Task data

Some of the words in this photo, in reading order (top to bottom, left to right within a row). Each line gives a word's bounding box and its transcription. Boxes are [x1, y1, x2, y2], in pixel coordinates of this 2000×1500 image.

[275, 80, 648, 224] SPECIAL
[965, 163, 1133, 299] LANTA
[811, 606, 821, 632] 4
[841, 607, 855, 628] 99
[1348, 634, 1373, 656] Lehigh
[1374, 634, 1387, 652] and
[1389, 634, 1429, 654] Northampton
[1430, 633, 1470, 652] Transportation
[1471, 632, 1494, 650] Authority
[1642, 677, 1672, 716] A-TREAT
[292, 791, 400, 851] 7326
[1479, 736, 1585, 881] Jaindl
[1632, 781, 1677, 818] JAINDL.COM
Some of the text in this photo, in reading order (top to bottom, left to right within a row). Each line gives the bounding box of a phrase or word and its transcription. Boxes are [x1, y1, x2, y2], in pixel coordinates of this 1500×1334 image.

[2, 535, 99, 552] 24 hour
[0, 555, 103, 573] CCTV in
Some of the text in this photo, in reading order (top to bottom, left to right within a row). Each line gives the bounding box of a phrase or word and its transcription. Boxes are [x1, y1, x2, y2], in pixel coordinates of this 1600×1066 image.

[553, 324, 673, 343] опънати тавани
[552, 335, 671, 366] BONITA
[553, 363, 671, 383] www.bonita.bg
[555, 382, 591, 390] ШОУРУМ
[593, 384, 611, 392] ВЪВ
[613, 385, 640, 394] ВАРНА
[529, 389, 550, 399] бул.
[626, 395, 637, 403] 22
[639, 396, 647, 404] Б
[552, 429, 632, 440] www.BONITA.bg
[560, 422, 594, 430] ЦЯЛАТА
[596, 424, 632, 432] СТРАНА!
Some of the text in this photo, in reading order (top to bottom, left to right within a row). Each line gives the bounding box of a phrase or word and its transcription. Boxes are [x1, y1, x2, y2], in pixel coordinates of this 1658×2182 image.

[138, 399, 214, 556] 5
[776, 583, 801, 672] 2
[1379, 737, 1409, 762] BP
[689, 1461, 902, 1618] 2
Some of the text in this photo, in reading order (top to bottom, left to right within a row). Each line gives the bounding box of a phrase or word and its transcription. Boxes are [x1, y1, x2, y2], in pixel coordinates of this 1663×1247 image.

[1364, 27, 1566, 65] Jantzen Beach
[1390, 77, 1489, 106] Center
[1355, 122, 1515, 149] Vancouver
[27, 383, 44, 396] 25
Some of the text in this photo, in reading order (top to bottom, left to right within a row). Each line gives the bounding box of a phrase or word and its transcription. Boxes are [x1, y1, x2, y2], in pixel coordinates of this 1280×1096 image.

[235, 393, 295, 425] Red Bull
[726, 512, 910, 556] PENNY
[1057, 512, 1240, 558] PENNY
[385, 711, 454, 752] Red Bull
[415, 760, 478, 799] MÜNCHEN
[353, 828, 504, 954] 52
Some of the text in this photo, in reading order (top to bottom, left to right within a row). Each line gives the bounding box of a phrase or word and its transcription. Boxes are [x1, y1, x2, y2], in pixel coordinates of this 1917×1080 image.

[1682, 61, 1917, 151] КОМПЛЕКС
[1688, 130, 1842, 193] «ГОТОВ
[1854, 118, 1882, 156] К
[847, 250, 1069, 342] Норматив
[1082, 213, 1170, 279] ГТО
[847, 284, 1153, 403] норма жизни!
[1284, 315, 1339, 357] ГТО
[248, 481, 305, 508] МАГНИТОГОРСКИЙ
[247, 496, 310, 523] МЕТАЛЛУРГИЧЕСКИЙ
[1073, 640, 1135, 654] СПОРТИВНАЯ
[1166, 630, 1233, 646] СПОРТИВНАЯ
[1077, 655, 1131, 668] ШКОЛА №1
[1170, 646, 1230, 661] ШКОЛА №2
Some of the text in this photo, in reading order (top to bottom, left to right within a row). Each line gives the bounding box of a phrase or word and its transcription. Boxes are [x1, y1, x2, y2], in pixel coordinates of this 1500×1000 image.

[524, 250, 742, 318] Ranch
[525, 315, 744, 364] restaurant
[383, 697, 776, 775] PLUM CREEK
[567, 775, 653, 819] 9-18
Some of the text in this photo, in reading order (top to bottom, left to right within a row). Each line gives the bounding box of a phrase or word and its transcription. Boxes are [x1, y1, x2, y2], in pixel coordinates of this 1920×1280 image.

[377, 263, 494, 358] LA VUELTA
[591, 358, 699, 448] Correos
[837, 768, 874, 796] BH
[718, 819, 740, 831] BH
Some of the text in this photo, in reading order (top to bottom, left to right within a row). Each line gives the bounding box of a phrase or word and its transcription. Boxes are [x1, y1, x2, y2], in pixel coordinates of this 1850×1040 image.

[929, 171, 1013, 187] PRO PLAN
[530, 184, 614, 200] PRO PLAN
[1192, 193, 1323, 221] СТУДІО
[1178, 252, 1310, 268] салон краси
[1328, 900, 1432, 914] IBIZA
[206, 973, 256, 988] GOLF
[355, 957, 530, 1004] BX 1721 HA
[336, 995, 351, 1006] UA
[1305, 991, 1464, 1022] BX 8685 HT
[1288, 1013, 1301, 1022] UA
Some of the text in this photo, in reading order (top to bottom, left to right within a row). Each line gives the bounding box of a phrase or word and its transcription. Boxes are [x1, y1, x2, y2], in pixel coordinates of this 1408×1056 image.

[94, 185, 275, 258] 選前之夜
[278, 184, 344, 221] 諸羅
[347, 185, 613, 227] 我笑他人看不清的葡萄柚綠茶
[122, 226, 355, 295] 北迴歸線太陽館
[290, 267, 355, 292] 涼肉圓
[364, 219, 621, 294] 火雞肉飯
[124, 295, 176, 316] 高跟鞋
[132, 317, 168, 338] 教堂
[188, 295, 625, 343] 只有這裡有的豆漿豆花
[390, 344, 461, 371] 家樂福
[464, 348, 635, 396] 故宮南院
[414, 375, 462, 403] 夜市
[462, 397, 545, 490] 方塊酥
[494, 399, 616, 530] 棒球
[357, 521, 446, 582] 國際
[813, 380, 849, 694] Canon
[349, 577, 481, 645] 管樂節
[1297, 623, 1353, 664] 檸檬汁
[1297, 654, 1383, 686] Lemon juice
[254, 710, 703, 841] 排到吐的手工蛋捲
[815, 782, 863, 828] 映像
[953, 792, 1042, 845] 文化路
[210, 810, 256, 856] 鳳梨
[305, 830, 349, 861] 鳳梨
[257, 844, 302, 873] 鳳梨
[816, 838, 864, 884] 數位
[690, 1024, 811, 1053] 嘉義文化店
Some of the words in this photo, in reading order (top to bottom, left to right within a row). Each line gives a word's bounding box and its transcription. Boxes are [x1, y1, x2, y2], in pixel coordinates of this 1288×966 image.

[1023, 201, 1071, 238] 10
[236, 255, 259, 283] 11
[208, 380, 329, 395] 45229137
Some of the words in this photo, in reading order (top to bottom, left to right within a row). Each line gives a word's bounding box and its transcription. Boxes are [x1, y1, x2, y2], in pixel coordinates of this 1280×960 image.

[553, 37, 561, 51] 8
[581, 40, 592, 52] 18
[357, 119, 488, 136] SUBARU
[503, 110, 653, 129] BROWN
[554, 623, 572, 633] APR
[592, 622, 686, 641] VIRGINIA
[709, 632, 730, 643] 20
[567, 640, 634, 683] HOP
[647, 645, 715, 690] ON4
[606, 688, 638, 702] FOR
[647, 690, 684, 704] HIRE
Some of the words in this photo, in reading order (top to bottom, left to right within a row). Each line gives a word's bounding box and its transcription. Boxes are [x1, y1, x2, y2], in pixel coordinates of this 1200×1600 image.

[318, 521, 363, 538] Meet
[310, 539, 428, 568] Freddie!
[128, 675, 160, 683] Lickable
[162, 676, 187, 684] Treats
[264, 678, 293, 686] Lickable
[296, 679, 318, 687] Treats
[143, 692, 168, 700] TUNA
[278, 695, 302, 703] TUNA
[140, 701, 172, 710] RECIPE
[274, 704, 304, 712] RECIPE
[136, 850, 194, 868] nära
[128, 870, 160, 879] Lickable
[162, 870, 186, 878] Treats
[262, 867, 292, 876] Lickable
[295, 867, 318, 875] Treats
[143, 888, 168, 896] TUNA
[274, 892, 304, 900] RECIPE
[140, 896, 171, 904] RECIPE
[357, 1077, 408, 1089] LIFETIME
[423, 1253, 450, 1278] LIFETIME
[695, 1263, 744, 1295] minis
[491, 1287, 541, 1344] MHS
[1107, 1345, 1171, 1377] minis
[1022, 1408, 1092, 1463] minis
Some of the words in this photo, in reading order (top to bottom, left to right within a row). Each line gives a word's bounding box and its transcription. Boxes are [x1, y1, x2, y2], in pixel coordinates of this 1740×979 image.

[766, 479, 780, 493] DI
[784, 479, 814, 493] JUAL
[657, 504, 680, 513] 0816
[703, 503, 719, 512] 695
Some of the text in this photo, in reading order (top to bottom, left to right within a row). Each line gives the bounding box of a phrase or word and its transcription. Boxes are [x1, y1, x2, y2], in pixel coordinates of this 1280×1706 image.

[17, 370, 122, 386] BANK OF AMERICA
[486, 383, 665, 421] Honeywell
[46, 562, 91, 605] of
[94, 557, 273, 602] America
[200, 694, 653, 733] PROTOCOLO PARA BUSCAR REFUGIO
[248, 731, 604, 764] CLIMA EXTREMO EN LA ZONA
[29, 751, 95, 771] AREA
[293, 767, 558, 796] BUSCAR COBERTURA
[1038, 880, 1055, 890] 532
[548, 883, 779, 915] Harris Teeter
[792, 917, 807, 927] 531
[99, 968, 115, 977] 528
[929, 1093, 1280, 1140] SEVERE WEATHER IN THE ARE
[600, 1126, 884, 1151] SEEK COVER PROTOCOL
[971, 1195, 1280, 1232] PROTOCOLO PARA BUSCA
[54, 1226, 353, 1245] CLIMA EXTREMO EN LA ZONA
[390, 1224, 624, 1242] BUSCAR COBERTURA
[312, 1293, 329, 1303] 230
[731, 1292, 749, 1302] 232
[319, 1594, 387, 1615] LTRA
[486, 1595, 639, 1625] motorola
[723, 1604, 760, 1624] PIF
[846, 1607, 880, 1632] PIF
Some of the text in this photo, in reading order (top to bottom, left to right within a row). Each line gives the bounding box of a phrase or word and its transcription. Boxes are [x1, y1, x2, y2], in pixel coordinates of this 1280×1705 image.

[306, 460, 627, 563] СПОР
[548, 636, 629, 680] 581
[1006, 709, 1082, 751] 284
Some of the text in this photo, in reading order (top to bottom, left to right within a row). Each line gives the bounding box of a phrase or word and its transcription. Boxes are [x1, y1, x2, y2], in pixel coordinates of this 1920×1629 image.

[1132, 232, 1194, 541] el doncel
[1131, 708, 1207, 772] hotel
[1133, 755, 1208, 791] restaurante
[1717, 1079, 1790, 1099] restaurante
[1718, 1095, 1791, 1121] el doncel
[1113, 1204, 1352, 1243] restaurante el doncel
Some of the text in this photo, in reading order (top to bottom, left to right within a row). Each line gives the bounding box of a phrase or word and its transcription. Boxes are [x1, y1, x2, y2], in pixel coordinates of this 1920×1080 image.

What is required
Look above for the line containing "this 1280×1705 image.". From there to the final line of the entries, repeat every line exactly.

Response below
Some of the text in this photo, in reading order (top to bottom, left to right within a row). Each line gives the bounding box of a phrase or word and its transcription. Boxes are [x1, y1, x2, y2], in pixel coordinates of this 1280×1705 image.

[306, 460, 627, 563] СПОР
[548, 636, 629, 680] 581
[1006, 709, 1082, 751] 284
Some of the text in this photo, in reading order (top to bottom, left to right within a row). Each line gives the bounding box of a phrase or word and its transcription. Boxes are [x1, y1, x2, y2], in pixel coordinates of this 1920×1629 image.

[1132, 232, 1194, 541] el doncel
[1131, 708, 1207, 772] hotel
[1133, 755, 1208, 791] restaurante
[1717, 1079, 1790, 1099] restaurante
[1718, 1095, 1791, 1121] el doncel
[1113, 1204, 1352, 1243] restaurante el doncel
Some of the text in this photo, in reading order (top to bottom, left to right within a row). Each line gives the bounding box of a phrase or word and its transcription. Boxes are [x1, y1, x2, y2], in pixel coordinates of this 1920×1080 image.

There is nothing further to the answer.